War implies emergency, and the upshot of most of what I heard was that the United States needs to shift its operations to a long-term, nonemergency basis. “De-escalation of the rhetoric is the first step,” John Robb told me. “It is hard for insurgents to handle de-escalation.” War encourages a simple classification of the world into ally or enemy. This polarization gives dispersed terrorist groups a unity they might not have on their own. Last year, in a widely circulated paper for the Journal of Strategic Studies, David Kilcullen argued that Islamic extremists from around the world yearn to constitute themselves as a global jihad. Therefore, he said, Western countries should do everything possible to treat terrorist groups individually, rather than “lumping together all terrorism, all rogue or failed states, and all strategic competitors who might potentially oppose U.S. objectives.” The friend-or-foe categorization of war makes lumping together more likely.

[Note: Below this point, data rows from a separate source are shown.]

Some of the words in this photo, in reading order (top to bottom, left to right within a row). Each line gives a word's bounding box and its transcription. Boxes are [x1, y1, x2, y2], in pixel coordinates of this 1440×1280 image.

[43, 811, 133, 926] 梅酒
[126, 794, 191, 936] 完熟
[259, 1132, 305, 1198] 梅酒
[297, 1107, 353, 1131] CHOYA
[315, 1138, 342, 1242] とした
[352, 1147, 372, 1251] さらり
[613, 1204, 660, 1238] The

The United States can declare victory by saying that what is controllable has been controlled: Al-Qaeda Central has been broken up. Then the country can move to its real work. It will happen on three levels: domestic protection, worldwide harassment and pursuit of al-Qaeda, and an all-fronts diplomatic campaign.

Foreign Affairs has an article by John Mueller entitled Is There Still a Terrorist Threat? He concludes with:

Although it remains heretical to say so, the evidence so far suggests that fears of the omnipotent terrorist — reminiscent of those inspired by images of the 20-foot-tall Japanese after Pearl Harbor or the 20-foot-tall Communists at various points in the Cold War (particularly after Sputnik) — may have been overblown, the threat presented within the United States by al Qaeda greatly exaggerated. The massive and expensive homeland security apparatus erected since 9/11 may be persecuting some, spying on many, inconveniencing most, and taxing all to defend the United States against an enemy that scarcely exists.

2 Comments

  1. 1
    The Charters Of Dreams says:

    While I agree that current response to the terrorism threat has been misguided and counter-productive, that response is all the more alarming if you believe that the threat of terrorism is NOT overblown.

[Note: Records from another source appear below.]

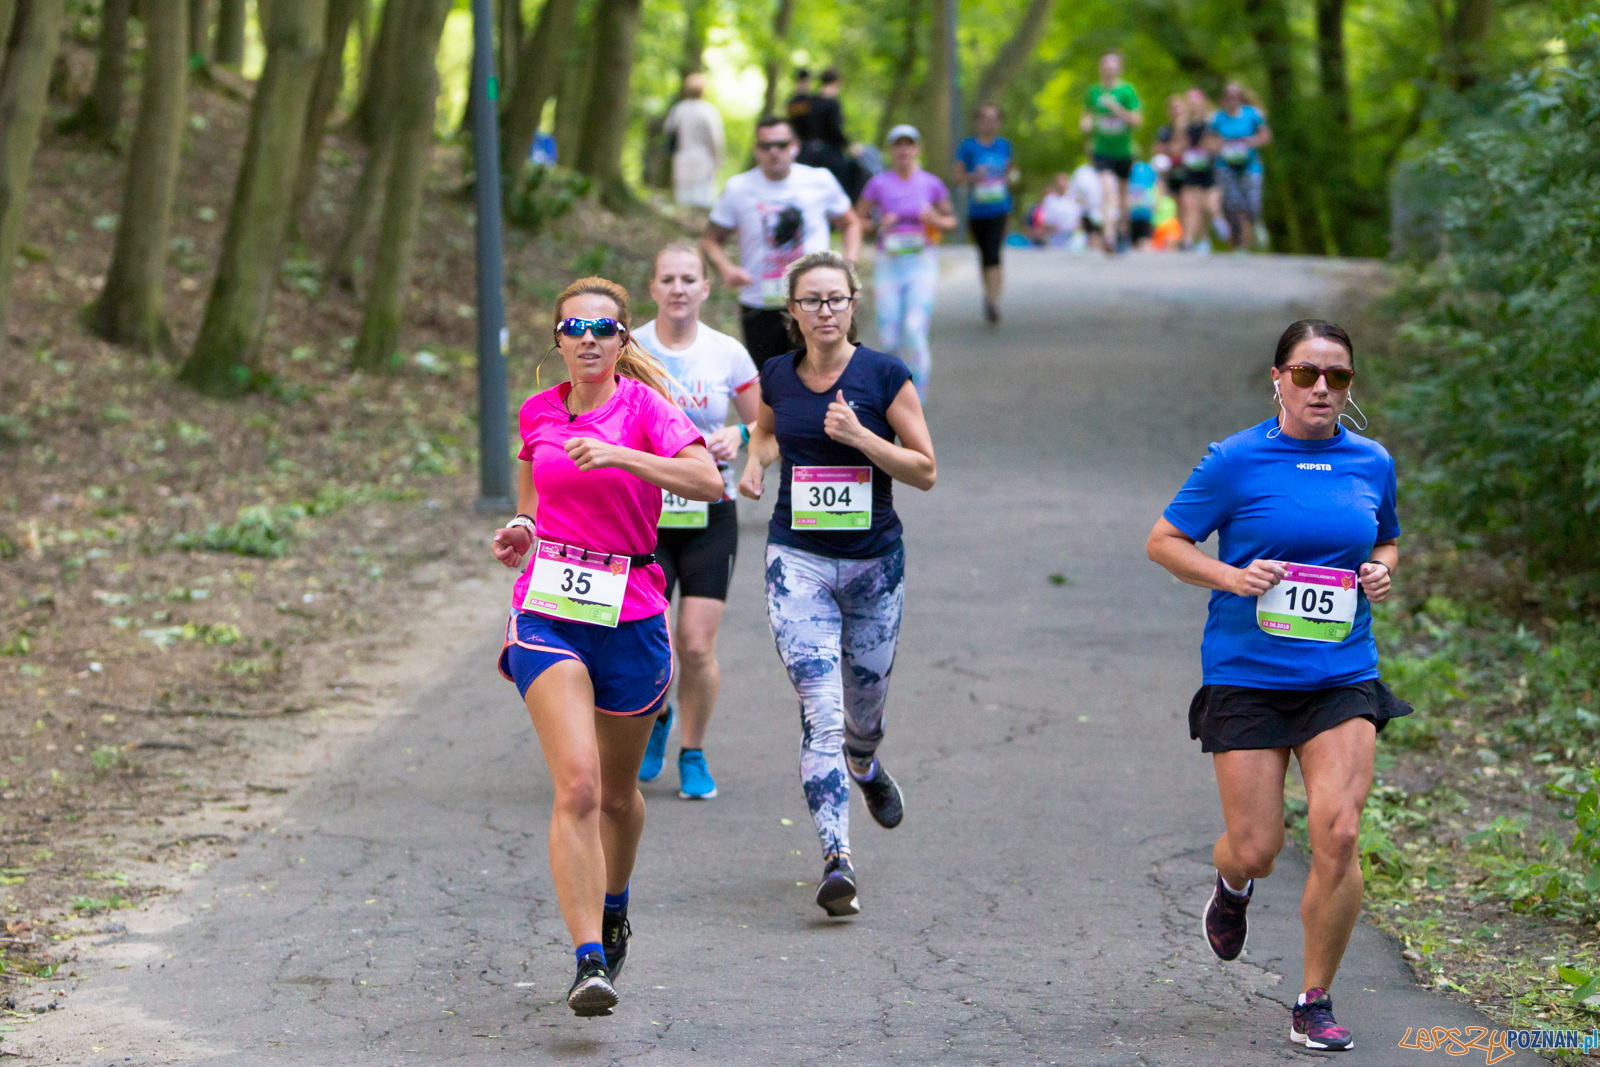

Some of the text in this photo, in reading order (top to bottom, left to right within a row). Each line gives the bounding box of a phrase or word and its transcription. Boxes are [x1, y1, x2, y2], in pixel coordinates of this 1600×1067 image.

[809, 486, 852, 507] 304
[561, 568, 593, 595] 35
[1285, 586, 1335, 615] 105
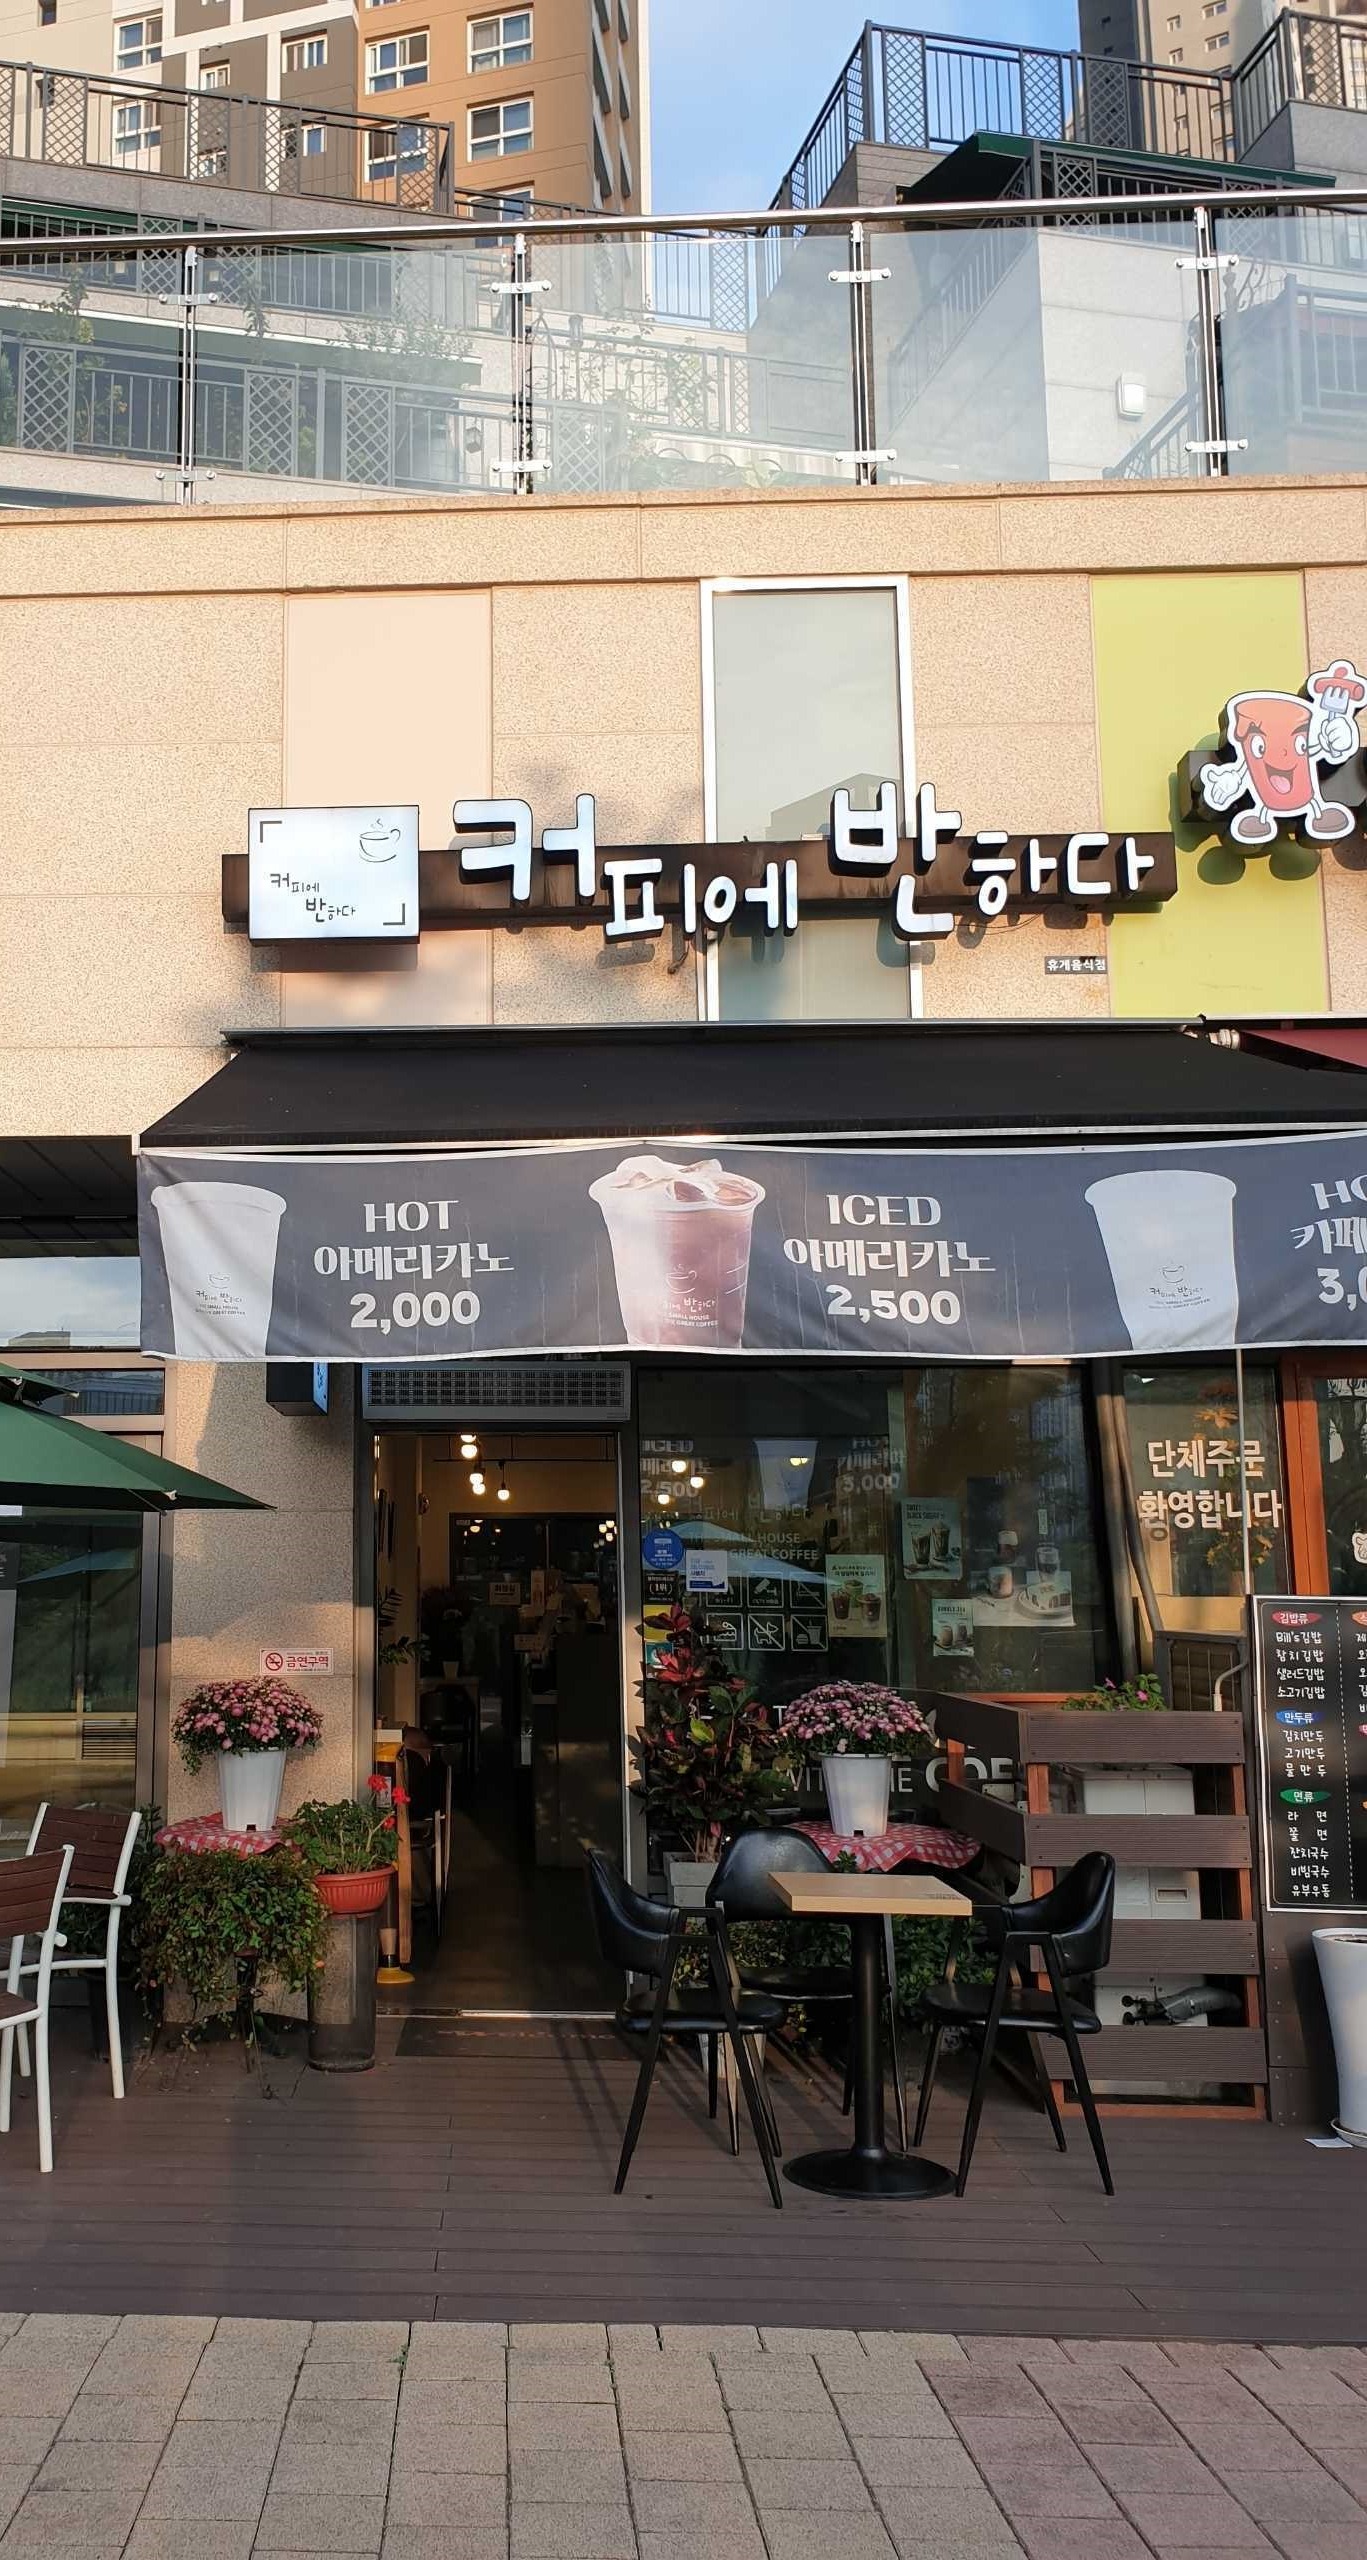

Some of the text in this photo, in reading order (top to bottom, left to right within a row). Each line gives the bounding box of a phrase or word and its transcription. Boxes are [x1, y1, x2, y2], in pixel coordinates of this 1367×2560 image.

[453, 780, 1155, 937] 커피에 반하다
[269, 872, 320, 893] 커피에
[305, 897, 356, 922] 반하다
[363, 1199, 459, 1233] HOT
[826, 1193, 943, 1227] ICED
[313, 1242, 515, 1281] 아메리카노
[783, 1238, 997, 1278] 아메리카노
[350, 1290, 481, 1336] 2,000
[824, 1283, 961, 1326] 2,500
[1147, 1439, 1266, 1478] 단체주문
[1138, 1489, 1283, 1530] 환영합니다
[285, 1655, 329, 1668] 금연구역
[1277, 1685, 1326, 1700] 소고기김밥
[1284, 1712, 1314, 1725] 만두류
[1283, 1729, 1325, 1743] 김치만두
[1284, 1747, 1326, 1760] 고기만두
[1290, 1846, 1329, 1860] 잔치국수
[1290, 1864, 1330, 1879] 비빔국수
[1291, 1883, 1331, 1898] 유부우동

    If you think it is, I’d think again, at least if you’re thinking long term: Want to create a pathogen? Just download its gene sequence information from the Internet and place an order with a gene sequencing company. The genes arrive in the mail a couple of days later. Mix it in your basement lab and then release on an unprotected public. Is this threat overblown? Humm . . . let’s see

    1. In 2002 one team constructed the polio virus us­ing only published DNA sequence information and mail-ordered raw materials: http://www.pubmedcentral.nih.gov/articlerender.fcgi?artid=1490301

    2. In 2005, another group similarly reconstituted the 1918 pandemic influenza virus that killed tens of millions of people: http://www.sciencemag.org/cgi/content/abstract/310/5745/77

    While such resources as DNA sequence information and mail-ordered raw materials can be regulated within the States, these resources are, unfortunately, global, and the bio-labs are more likely to be in far off cave in the wilds of Pakistan than in some smart guy’s basement in California.

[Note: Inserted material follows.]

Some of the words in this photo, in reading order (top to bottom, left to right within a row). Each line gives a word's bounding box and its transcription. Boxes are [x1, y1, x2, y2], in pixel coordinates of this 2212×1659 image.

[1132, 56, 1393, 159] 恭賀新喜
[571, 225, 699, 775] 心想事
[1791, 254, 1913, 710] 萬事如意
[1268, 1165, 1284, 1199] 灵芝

    Is the threat of terrorism overblown? Well, only if you don’t use enough imagination — and imagination is something Al-Qaeda and like-minded groups excel in.

    For more information, check out this article in reason.com:

    http://www.reason.com/news/show/123239.html

  2. 2
    Ron Chusid says:

    You miss the point. The problem is not that the threat of terrorism is overblown, but that the Republican response to terrorism plays into their hands and increases the risk of terrorism.